Dysphonia, dysphagia and anosmia/hyposmia were the most common otolaryngologic manifestations among a small cohort of children with inflammatory multisystem syndrome temporally associated with COVID-19, according to data.

“They defined PIMS-TS as persistent fever, inflammation, and evidence of single or multiorgan dysfunction, with exclusion of any other microbial cause and with positive or negative severe acute respiratory syndrome coronavirus 2 (SARS-CoV-2) polymerase chain reaction test results,” they added. “In the U.S., this condition has been defined by the CDC as multisystem inflammatory syndrome in children [MIS-C], with a more specific case definition.”

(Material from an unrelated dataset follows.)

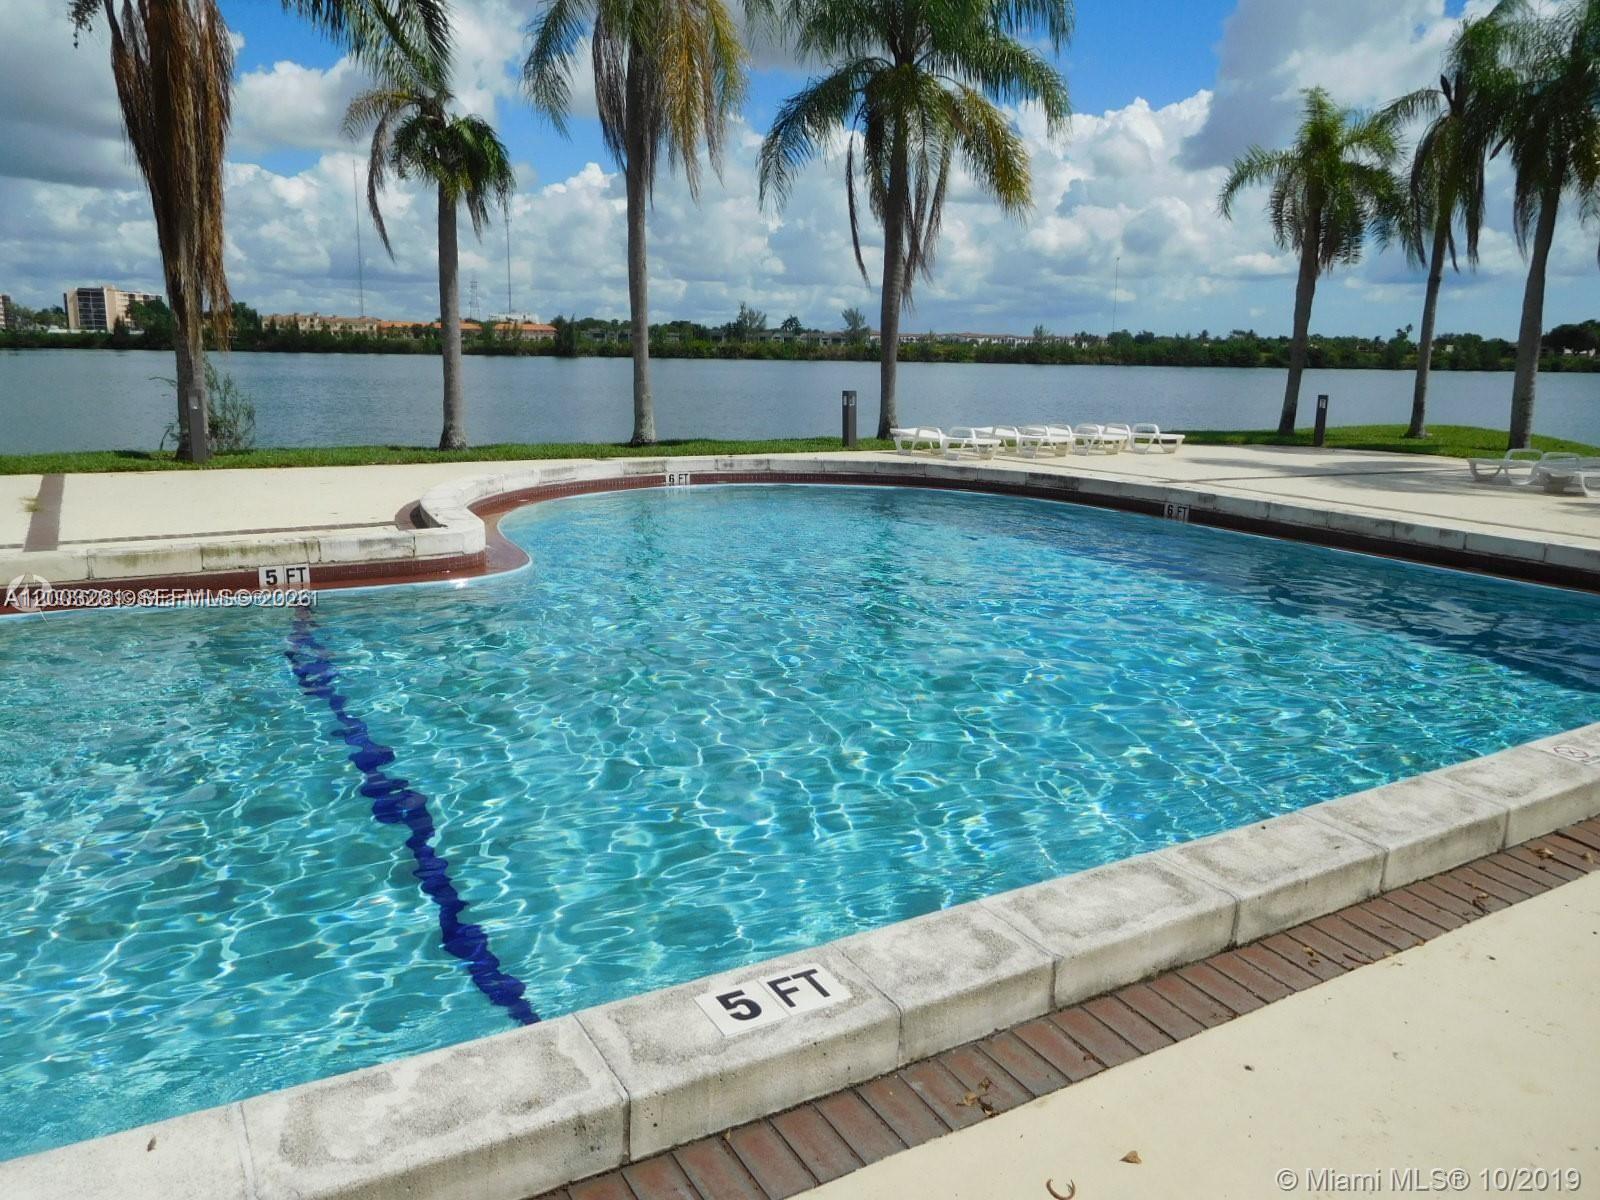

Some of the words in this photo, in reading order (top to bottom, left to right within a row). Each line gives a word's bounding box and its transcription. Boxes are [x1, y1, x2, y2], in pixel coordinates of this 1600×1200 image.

To analyze the otolaryngologic manifestations of PIMS-TS in children, Cheong and colleagues conducted a single-center exploratory observational cohort study. The researchers reviewed anonymized electronic health record data from 50 juvenile patients who met the case definition of PIMS-TS between April 1, 2020, and June 22, 2020, retrieving clinical and demographic data. Additional data were collected through follow-up telephone screening for otolaryngologic symptoms. Analyses were later performed using Microsoft Excel 2010 on August 10, 2020.

The median age among the 50 included patients was 10 years. Two-thirds were identified as male, and 72% were of Black, Asian or other underrepresented race or ethnicity, the researchers wrote. The median time between acute presentation with PIMS-TS and follow-up screening for otolaryngologic manifestations was 60 days. Nearly a quarter of the children had positive COVID-19 results from polymerase chain reaction tests, while 84% demonstrated positive immunoglobulin G antibodies against the disease based on serology testing. In addition, 76% required admission to a pediatric ICU, and 36% required intubation for mechanical ventilation.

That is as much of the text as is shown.